● **Your instructions**: Write the data out again, character for character, with no images.

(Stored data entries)
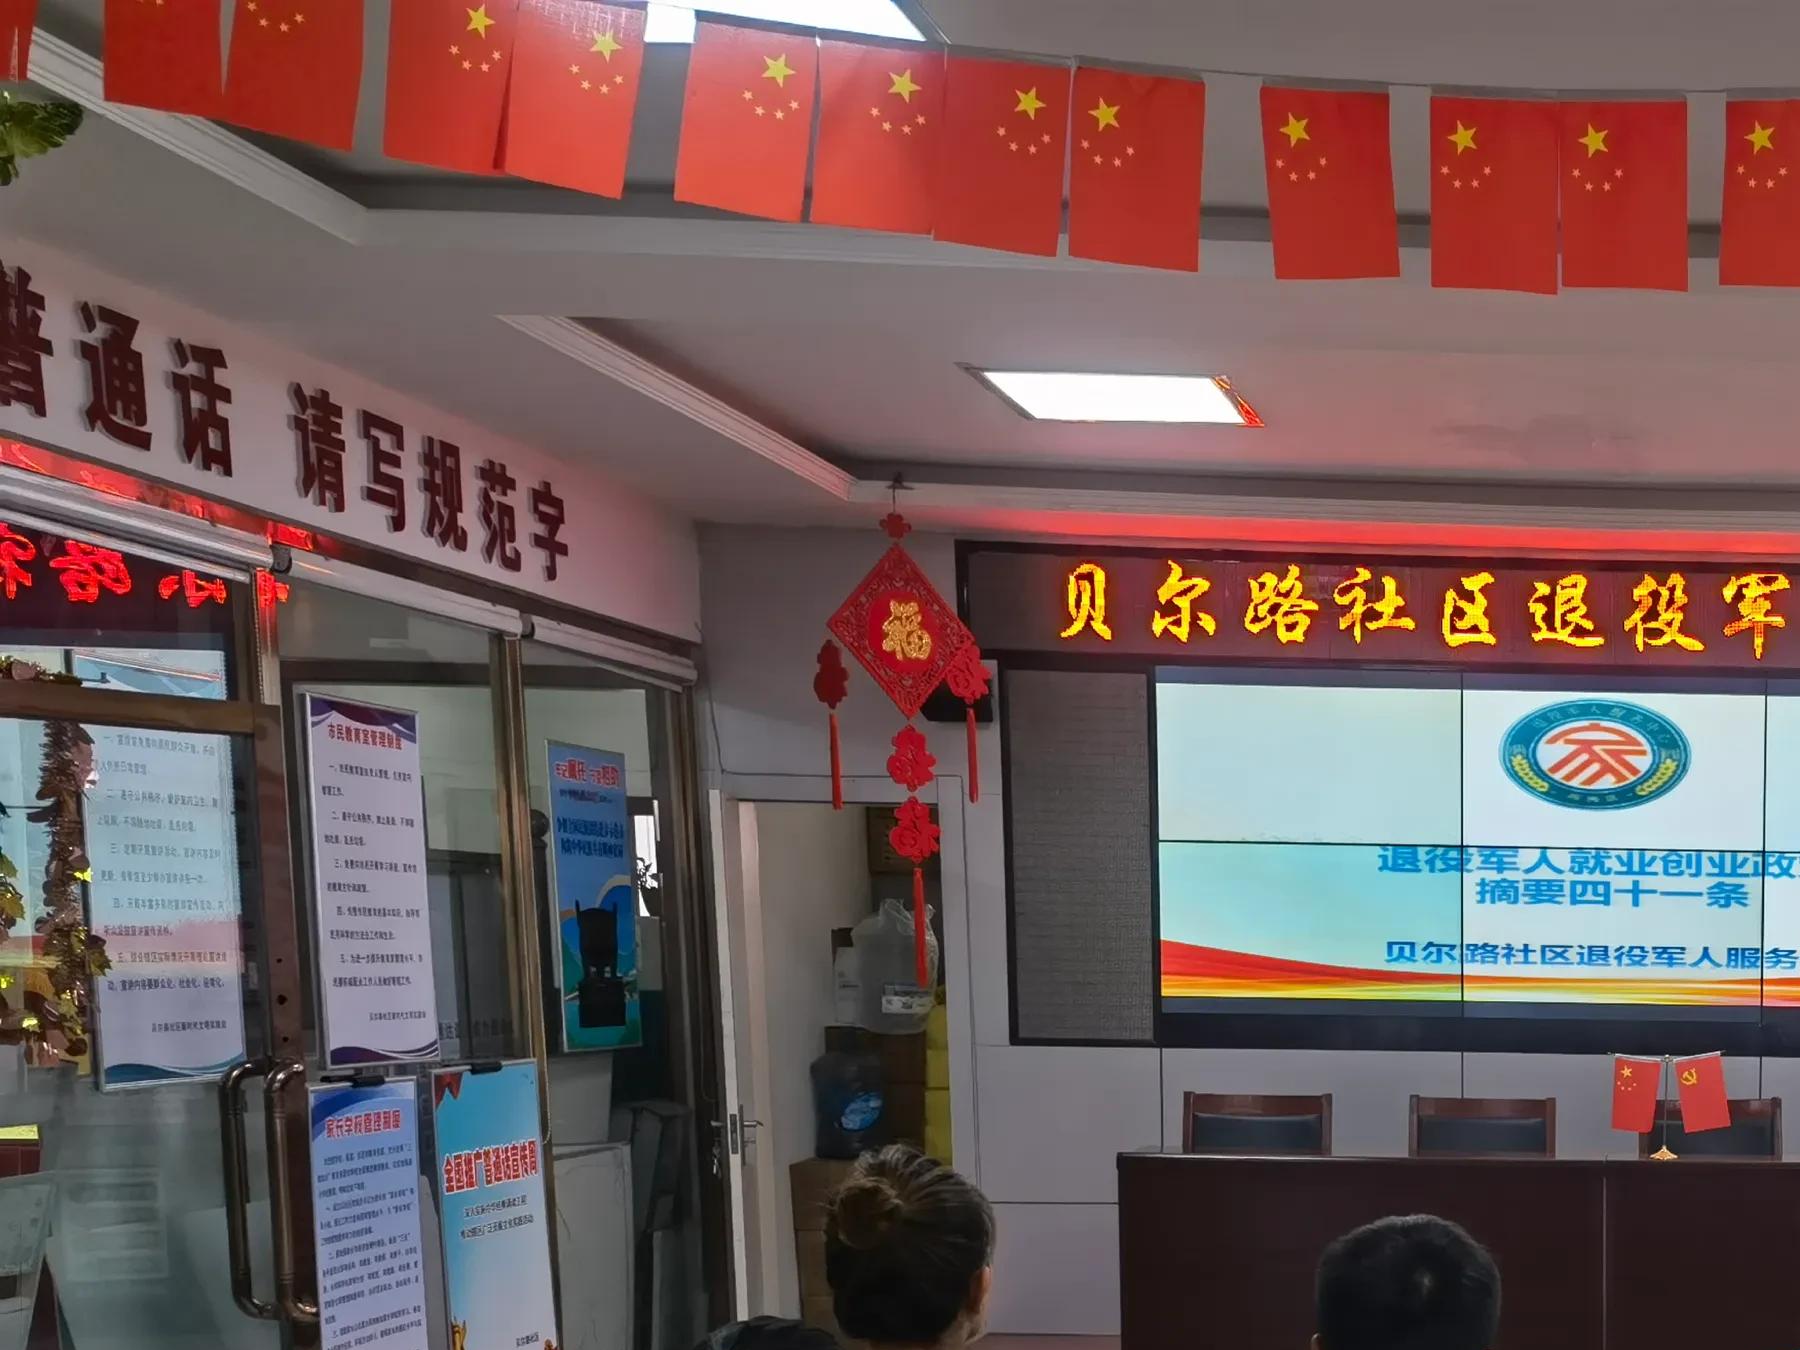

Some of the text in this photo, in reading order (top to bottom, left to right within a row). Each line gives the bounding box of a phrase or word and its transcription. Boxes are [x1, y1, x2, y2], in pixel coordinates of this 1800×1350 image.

[0, 258, 233, 478] 普通话
[288, 381, 569, 582] 请写规范字
[882, 599, 933, 661] 福
[1475, 876, 1751, 909] 摘要四十一条

● **Task result**:
Some of the text in this photo, in reading order (top to bottom, left to right within a row). Each line gives the bounding box of a phrase or word and its transcription. Boxes are [x1, y1, x2, y2], in pixel coordinates of this 1800×1350 image.

[0, 258, 233, 478] 普通话
[288, 381, 569, 582] 请写规范字
[882, 599, 933, 661] 福
[1475, 876, 1751, 909] 摘要四十一条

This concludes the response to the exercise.